## Exercise directions
Copy out every record below exactly as written, but leave out any pictures.

## Extracted information
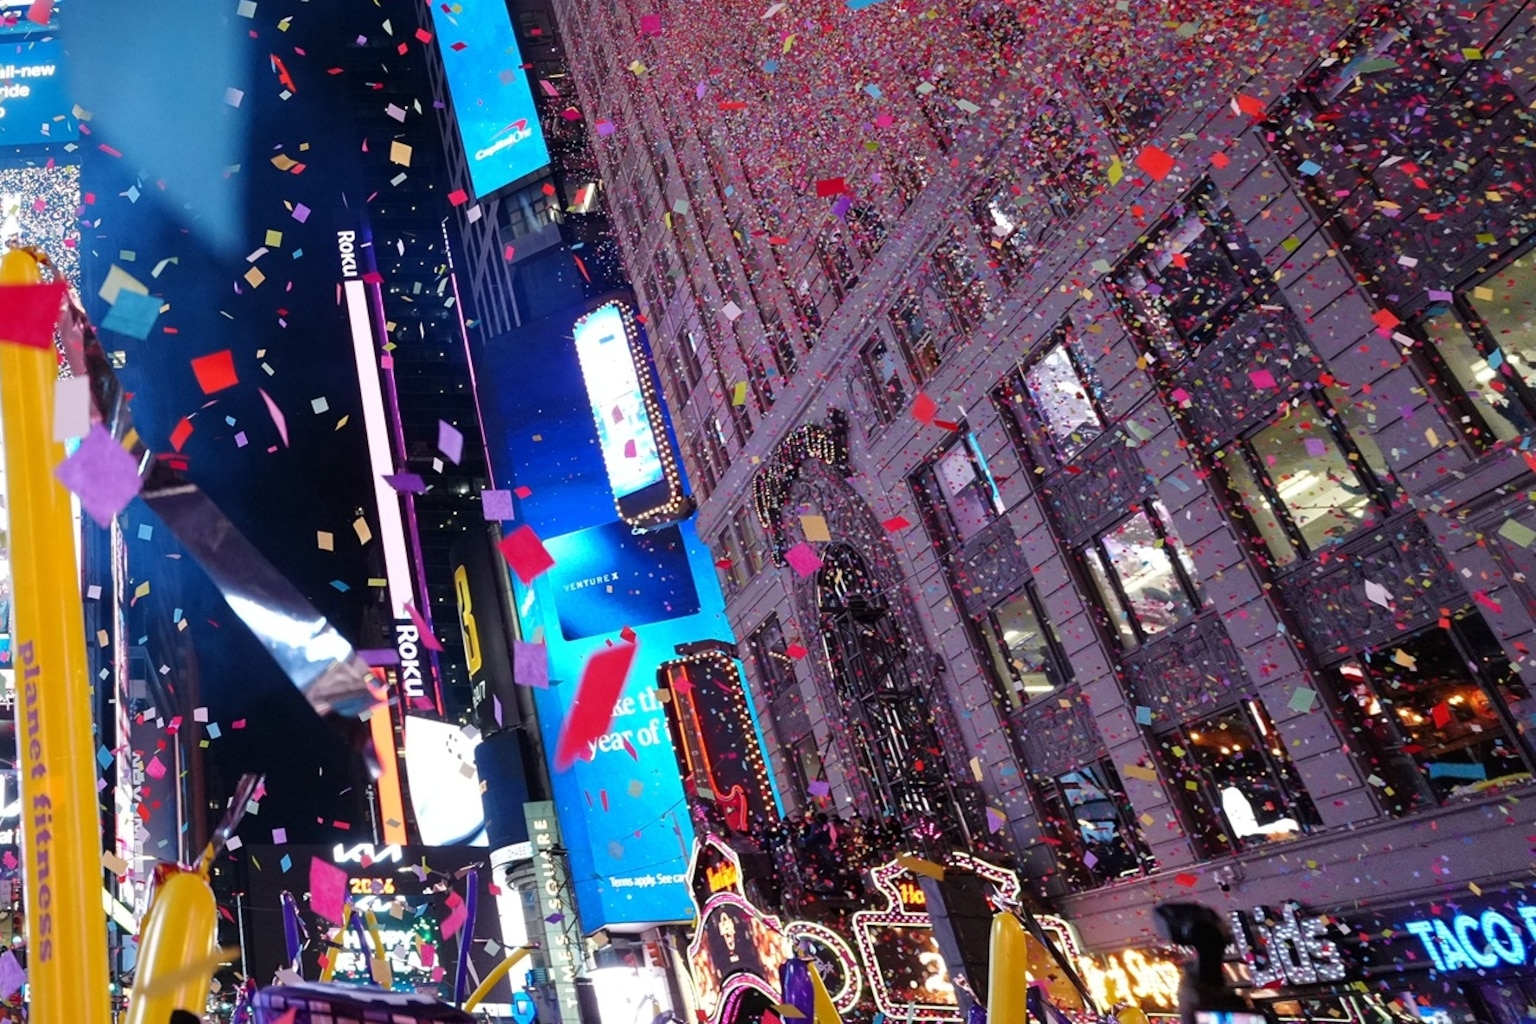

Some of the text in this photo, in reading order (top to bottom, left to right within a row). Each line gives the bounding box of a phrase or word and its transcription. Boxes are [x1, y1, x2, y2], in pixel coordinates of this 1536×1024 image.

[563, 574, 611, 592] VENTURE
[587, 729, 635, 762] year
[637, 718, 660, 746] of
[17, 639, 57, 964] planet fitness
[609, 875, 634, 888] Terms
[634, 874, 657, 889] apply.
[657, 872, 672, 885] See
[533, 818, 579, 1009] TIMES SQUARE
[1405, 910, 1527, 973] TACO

## Result for this task
Some of the text in this photo, in reading order (top to bottom, left to right within a row). Each line gives the bounding box of a phrase or word and its transcription. Boxes are [x1, y1, x2, y2], in pixel coordinates of this 1536×1024 image.

[563, 574, 611, 592] VENTURE
[587, 729, 635, 762] year
[637, 718, 660, 746] of
[17, 639, 57, 964] planet fitness
[609, 875, 634, 888] Terms
[634, 874, 657, 889] apply.
[657, 872, 672, 885] See
[533, 818, 579, 1009] TIMES SQUARE
[1405, 910, 1527, 973] TACO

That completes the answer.